I currently own three Dubs: my daily driver, a 2009 Tiguan, a 1956 Euro model Beetle and my ’74 Westfalia Weekender camper bus, named Tullio Campagnolo.
My first bus was a 1973 Transporter, bought in 1983. I used it as a daily driver and to haul band equipment around on the weekends. I was not very mechanically minded and did practically no maintenance or repairs on it (idiot!).
Its death knell came shortly after a trip in ’85 to the Grand Canyon with a brother and a friend. We drove the hell out of it, straight out in 24 hours, 1300 miles, at as high a speed as I could make it go. It was blowing oil out from somewhere, but that didn’t stop me from making the big trip. By the time we got there, a thin film of oil was all over the rear of the bus.
We made it home, but soon afterward, it gave up the ghost and refused to start. Not having time, money, facilities and/or expertise to fix it myself (or have it fixed), I sold the inert beast to someone for a couple of hundred bucks.
Fast forward to 2004. I owned a full-size Dodge conversion band that was a good family truckster, but, due to divorce, I was without a family. I still needed something to haul my drums around in and was still interested in traveling and camping. So I began to search for a VW bus that would fill the bill.
I found one after months of research, on the Internet. It was a Westy Weekender, which is like a pop-top Westfalia without the top. It has all the Westy stuff in it: stove, sink, bed, storage. And it was relatively close to home in Kansas City. A young priest in Omaha had bought it the year before from someone in Wisconsin. Herein lays an interesting tale.

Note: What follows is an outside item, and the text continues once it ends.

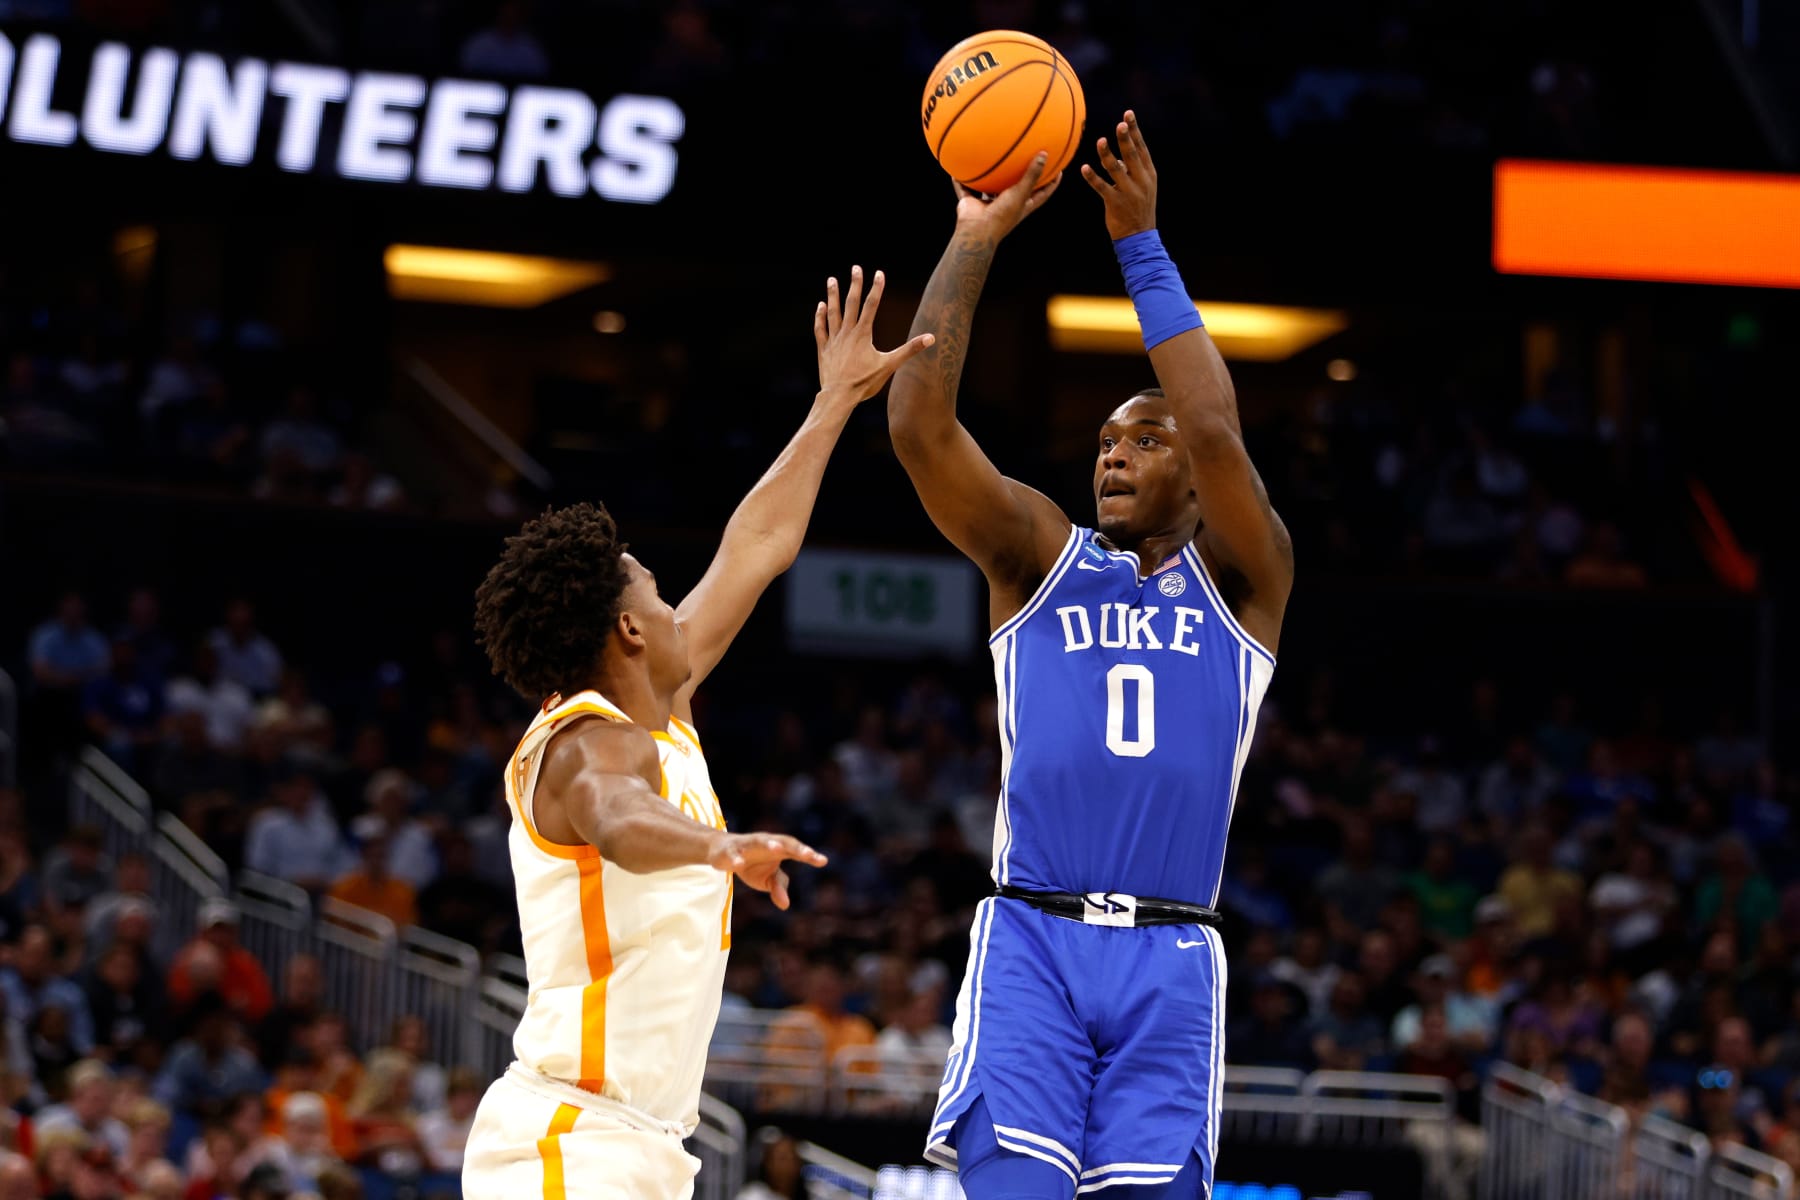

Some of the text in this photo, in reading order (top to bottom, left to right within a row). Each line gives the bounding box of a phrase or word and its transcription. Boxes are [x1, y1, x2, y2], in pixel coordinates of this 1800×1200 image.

It had 41,000 original miles on it. It had always been garaged. The original owners, a recently retired couple from Wisconsin, had bought it brand new in 1974 with the intent of traveling about the country. Shortly after they bought it, one of them died. Heartbroken the other partner garaged it for many years. It never got used.
Enter the priest, who, like me, wanted a camping vehicle. However, his pastoring duties demanded too much of his time and he didn’t use the bus much, either. So it sat in his garage until he decided to sell it. He listed it on The Samba, which is where I discovered it. I drove up to Omaha and immediately knew that this was the bus for me. It was pristine! Not a rip, tear or stain in the upholstery, not a scratch or dent anywhere on the body and everything worked. Everything was original. It was as if it were brand new, just barely broken in! So, I bought it from him and drove it home to KC.
In the intervening years, I have used the bejeezus out of it. It is still pretty clean, but I have to keep after it all the time to preserve it. In 2013 I had the motor redone by Jake Raby in Georgia, arguably the pre-eminent air-cooled rebuilder in the U.S. With dual Webers and race-balanced guts, this is a smooth, powerful engine. I can easily cruise at 70 mph and more, though I don’t push it. With continued good care I should be able to will this Bus to my grandson!